The Education Act and the contested space of education
Education occupies a controversial and heavily contested space in Malaysia with multiple claims made on it by what is still essentially a plural society; on issues such as mother tongue education (vernacular schools), the medium of instruction, community and home education and the basic school curriculum. The Act attempts to balance these claims using nation building and racial unity as mediating principles, but not all claimants are satisfied by what they find in the Act, or even with the argument that the National Education system (NES) has contributed to greater national unity.

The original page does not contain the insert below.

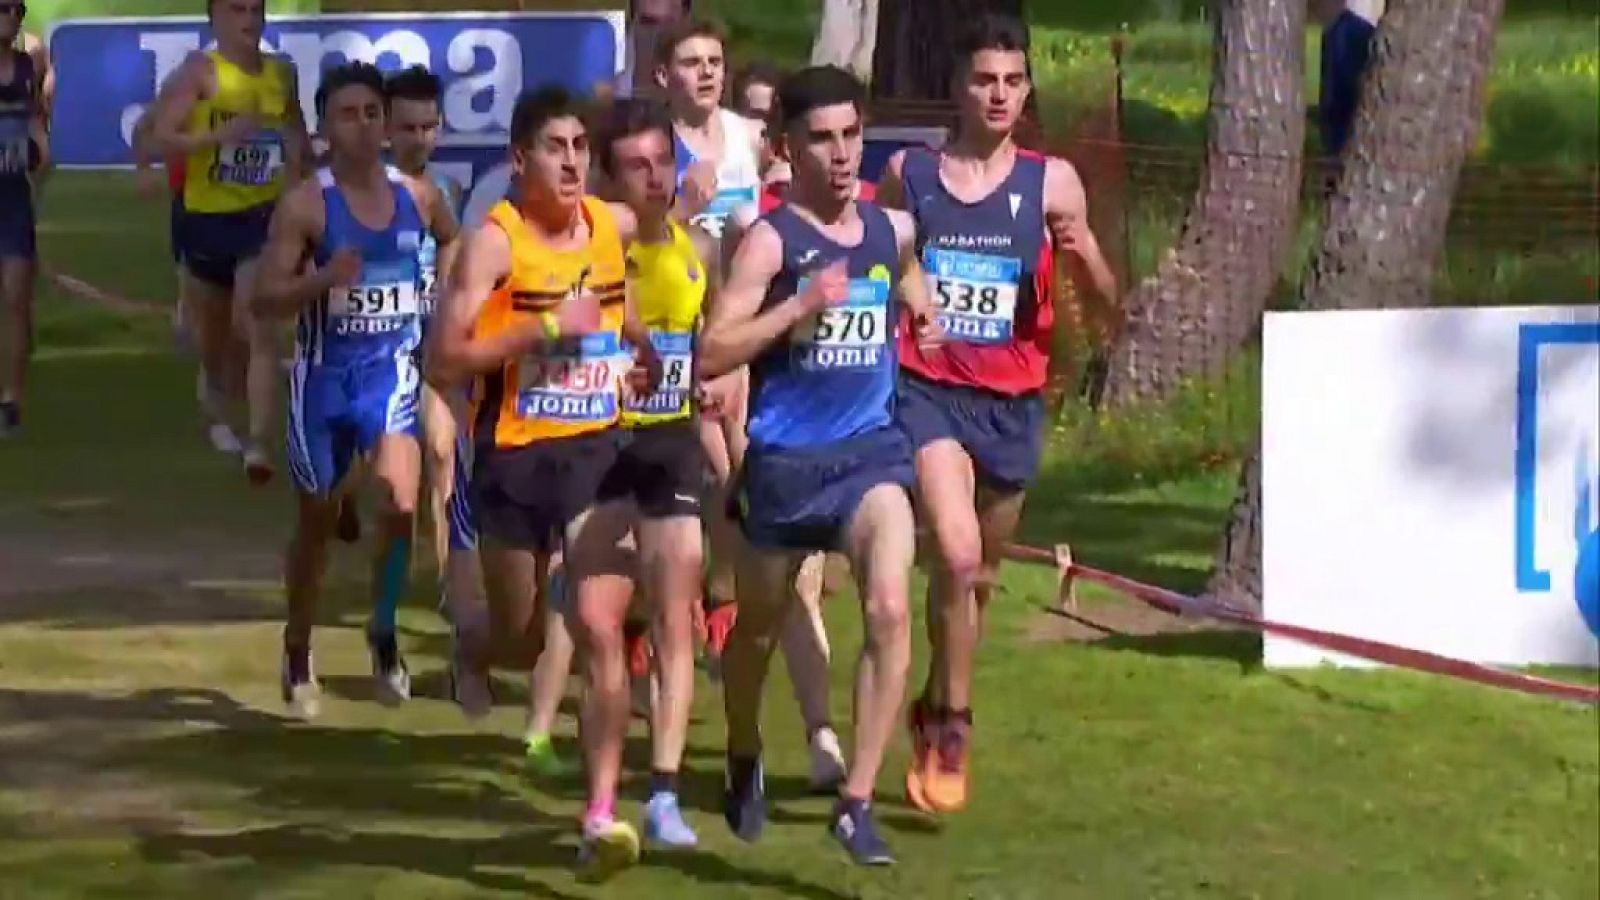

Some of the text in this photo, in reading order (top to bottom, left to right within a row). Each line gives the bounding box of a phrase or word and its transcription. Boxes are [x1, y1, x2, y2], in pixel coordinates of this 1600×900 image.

[120, 28, 522, 149] Jma
[347, 286, 399, 314] 591
[936, 280, 998, 315] 538
[814, 310, 875, 342] 570

To the extent that some of the dissatisfaction stems from facing the monopoly of a single monolithic NES that left little choice to dissidents, that particular issue may have been somewhat mitigated in recent years by the new policy, (itself paradoxical, given the battle for a common education for all), of allowing the expansion of private schools teaching to different curricula imported from all over the world. The creation of choices in basic and secondary education and even in Islamic education, is the most spectacular change taking place in the education landscape today. (Learners always had a choice in higher education, which developed through the private sector). The recently published Malaysia Education Blueprint 2013-2015 makes much of the diversity that is found in our education system;
. . . with multiple schooling options at the primary and secondary level, both public and private, the Malaysian education system provides an unparalleled degree of choice for parents and students (Page 3-21). This variety is a result of the nation’s historical legacy and rich diversity. The Ministry is committed to providing quality education to all students across all types of schools. Malaysia Education Blueprint 2013-2015, 2014, p. 7-17
Whether this will be for the better for everyone concerned is a question that only the future will answer.